■ Work instructions
In the answer, each line must appear exactly as in the records, and no picture may appear.

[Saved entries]
******

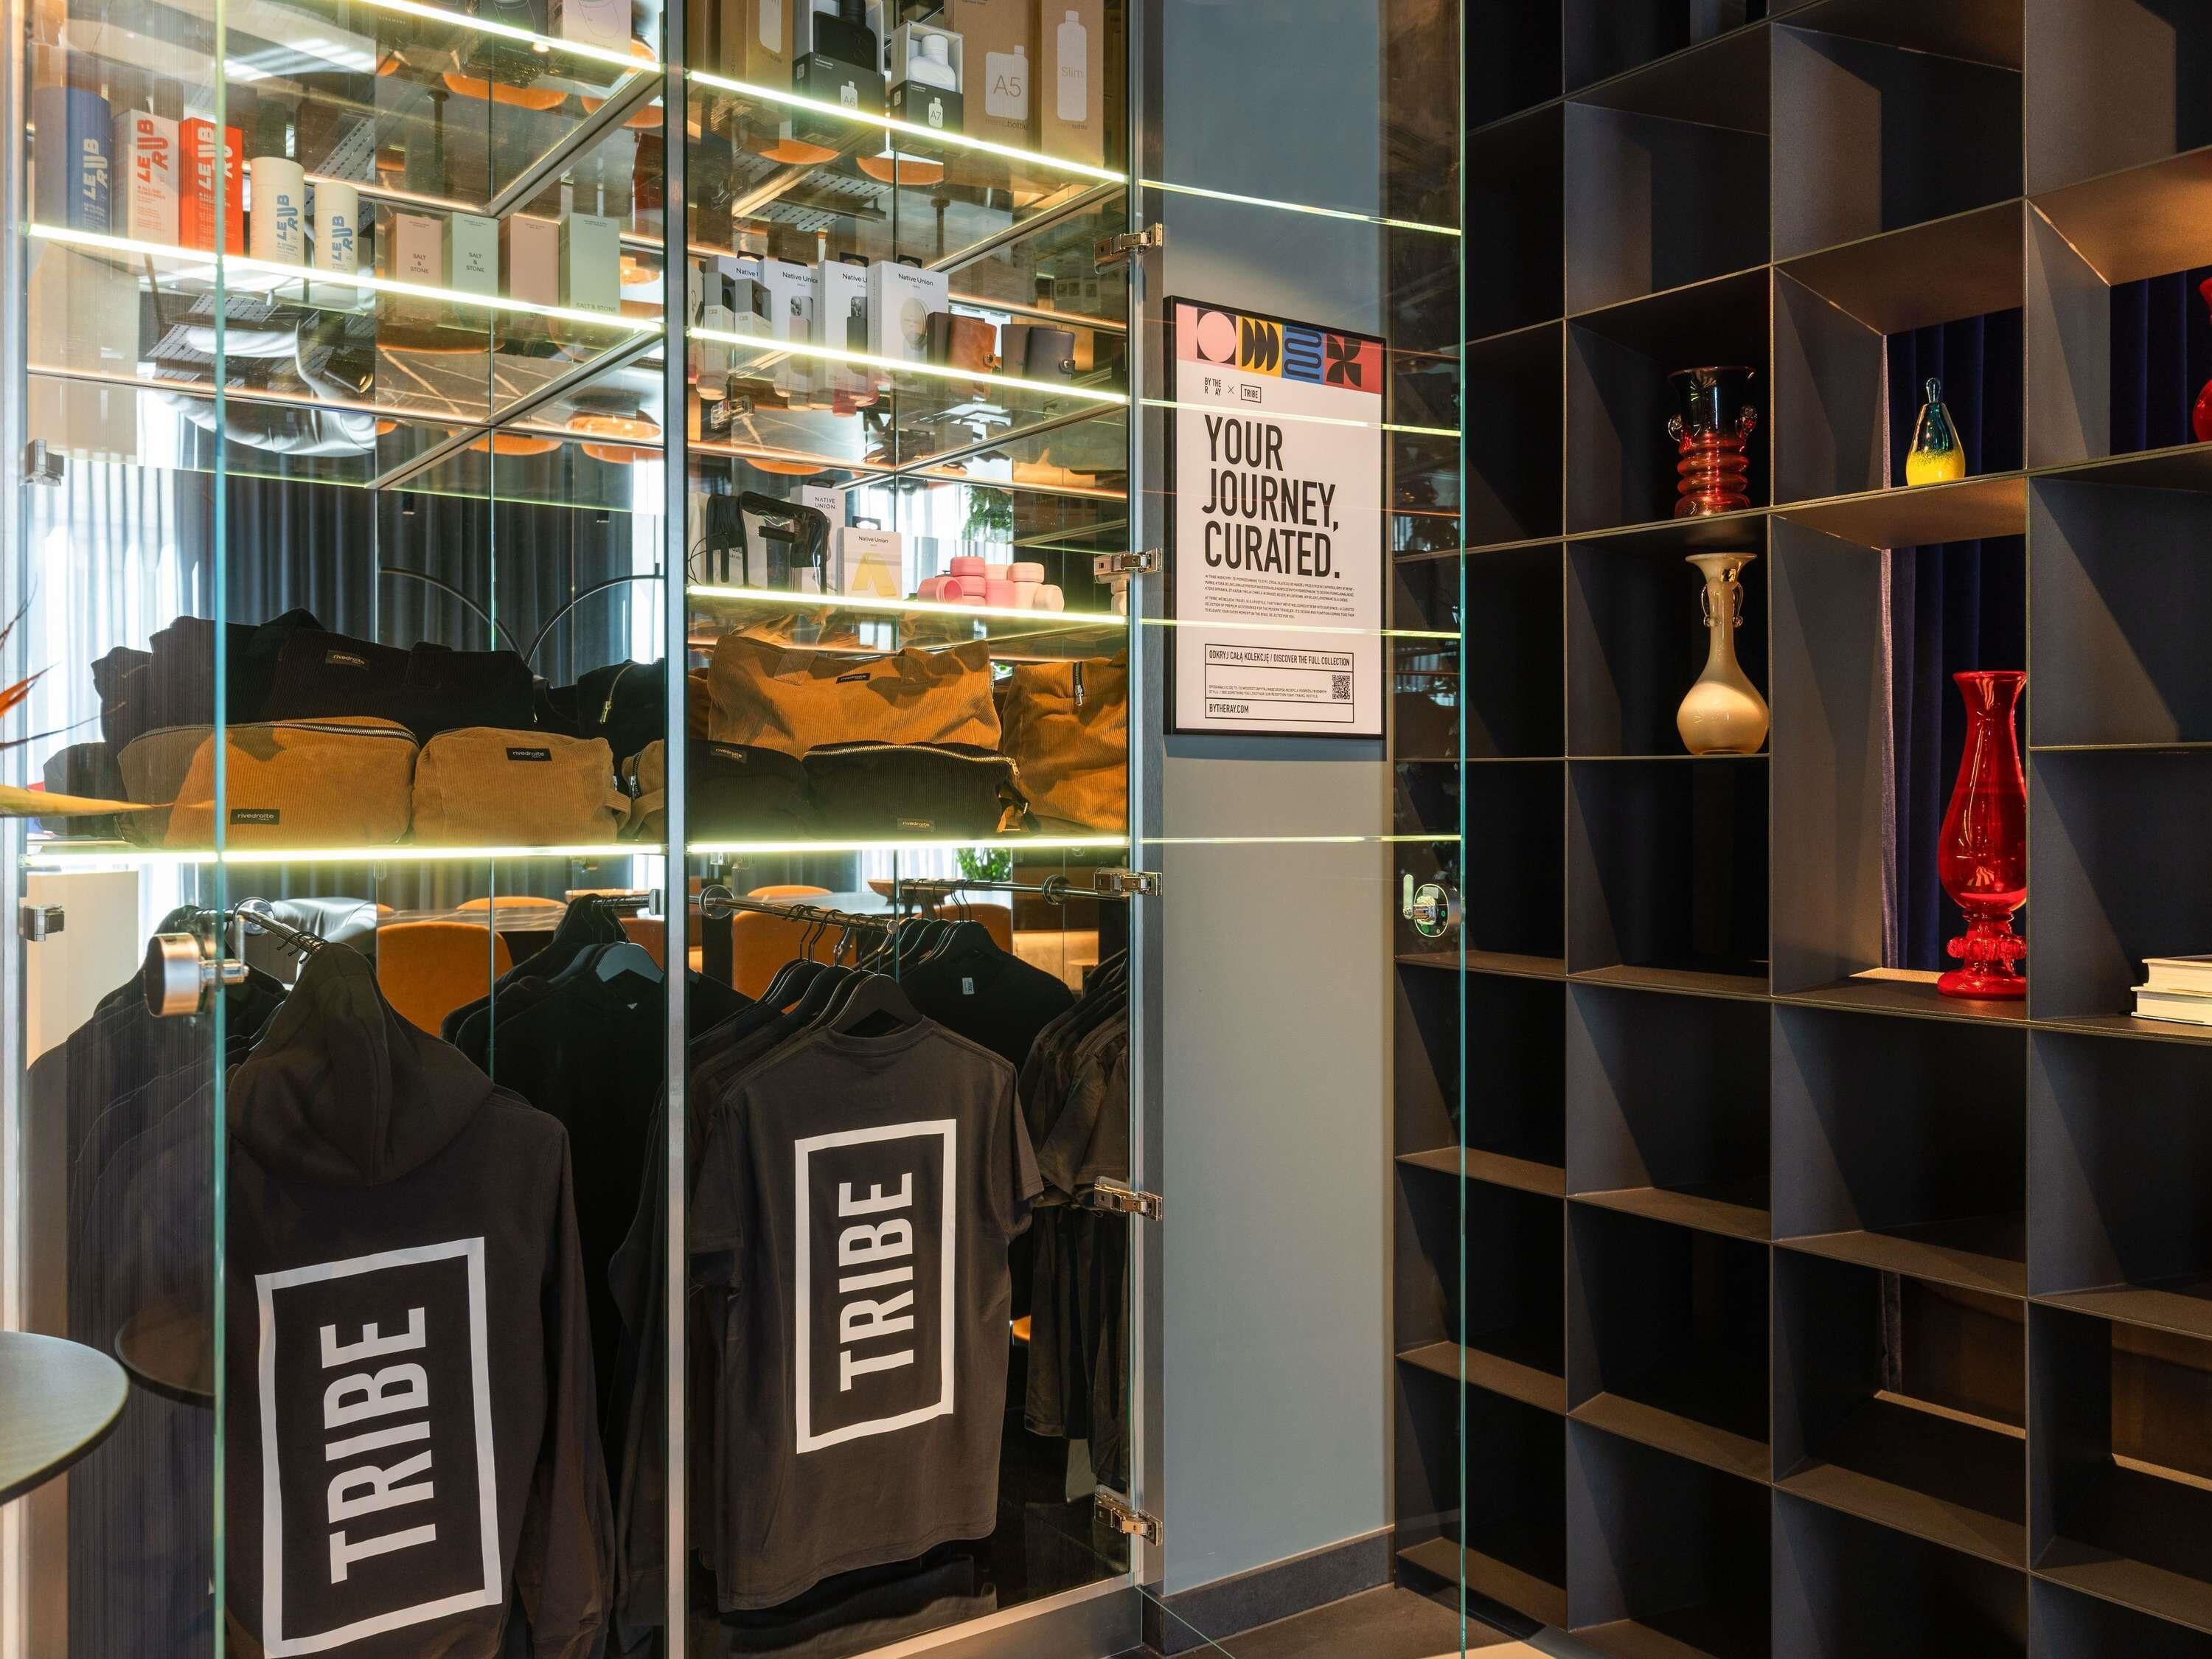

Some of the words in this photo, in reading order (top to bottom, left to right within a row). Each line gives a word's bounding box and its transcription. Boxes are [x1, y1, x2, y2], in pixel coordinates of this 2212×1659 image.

[1061, 66, 1083, 77] Slim
[992, 74, 1021, 97] A5
[931, 111, 942, 120] A7
[410, 265, 429, 274] STONE
[466, 265, 485, 274] STONE
[736, 268, 756, 277] Native
[782, 271, 801, 281] Native
[842, 273, 862, 282] Native
[898, 273, 917, 282] Native
[917, 277, 933, 286] Union
[1244, 388, 1258, 398] TRIBE
[1204, 414, 1284, 471] YOUR
[1201, 468, 1339, 532] JOURNEY,
[1205, 521, 1340, 579] CURATED.
[1209, 650, 1229, 660] ODKRYJ
[1230, 652, 1243, 662] CAŁĄ
[1244, 653, 1269, 664] KOLEKCJĘ
[1273, 654, 1298, 664] DISCOVER
[1298, 655, 1307, 664] THE
[1308, 655, 1320, 665] FULL
[1321, 656, 1350, 667] COLLECTION
[1209, 703, 1249, 714] BYTHERAY.COM
[838, 1172, 914, 1392] TRIBE
[319, 1307, 437, 1585] TRIBE
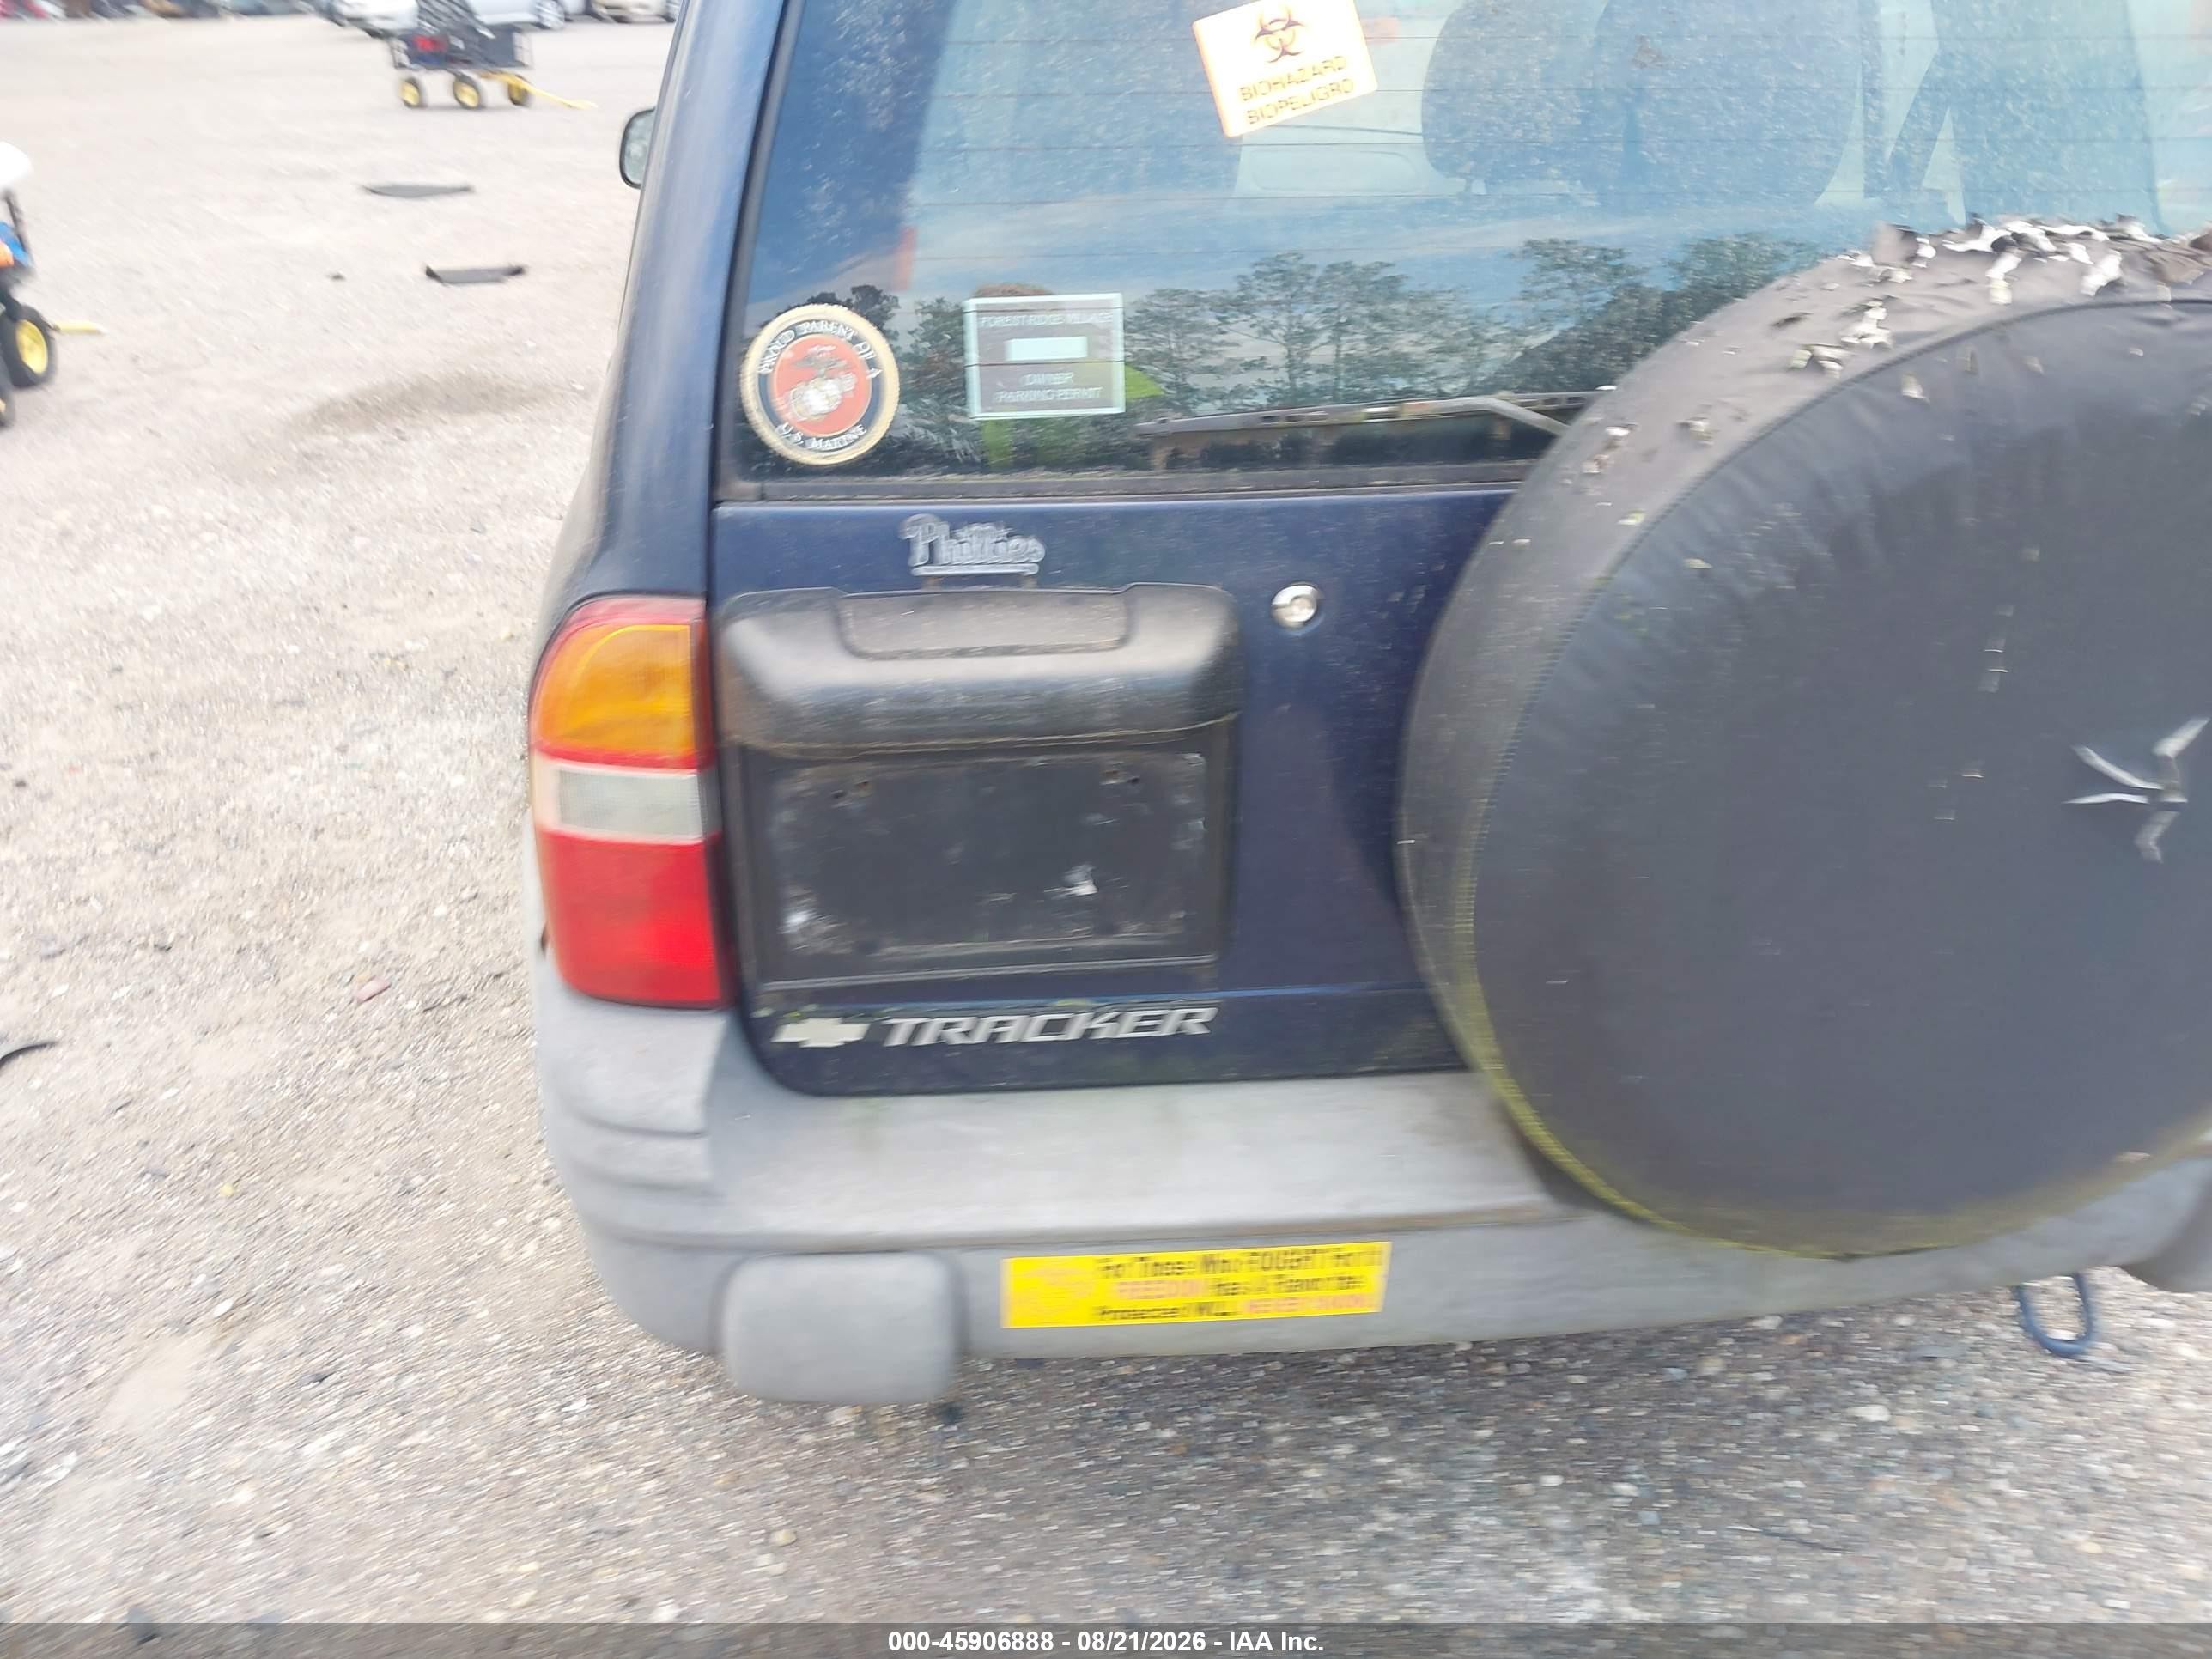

******

■ Result below
Some of the words in this photo, in reading order (top to bottom, left to right within a row). Each line gives a word's bounding box and its transcription. Boxes are [x1, y1, x2, y2], in pixel coordinates of this 2212×1659 image.

[1061, 66, 1083, 77] Slim
[992, 74, 1021, 97] A5
[931, 111, 942, 120] A7
[410, 265, 429, 274] STONE
[466, 265, 485, 274] STONE
[736, 268, 756, 277] Native
[782, 271, 801, 281] Native
[842, 273, 862, 282] Native
[898, 273, 917, 282] Native
[917, 277, 933, 286] Union
[1244, 388, 1258, 398] TRIBE
[1204, 414, 1284, 471] YOUR
[1201, 468, 1339, 532] JOURNEY,
[1205, 521, 1340, 579] CURATED.
[1209, 650, 1229, 660] ODKRYJ
[1230, 652, 1243, 662] CAŁĄ
[1244, 653, 1269, 664] KOLEKCJĘ
[1273, 654, 1298, 664] DISCOVER
[1298, 655, 1307, 664] THE
[1308, 655, 1320, 665] FULL
[1321, 656, 1350, 667] COLLECTION
[1209, 703, 1249, 714] BYTHERAY.COM
[838, 1172, 914, 1392] TRIBE
[319, 1307, 437, 1585] TRIBE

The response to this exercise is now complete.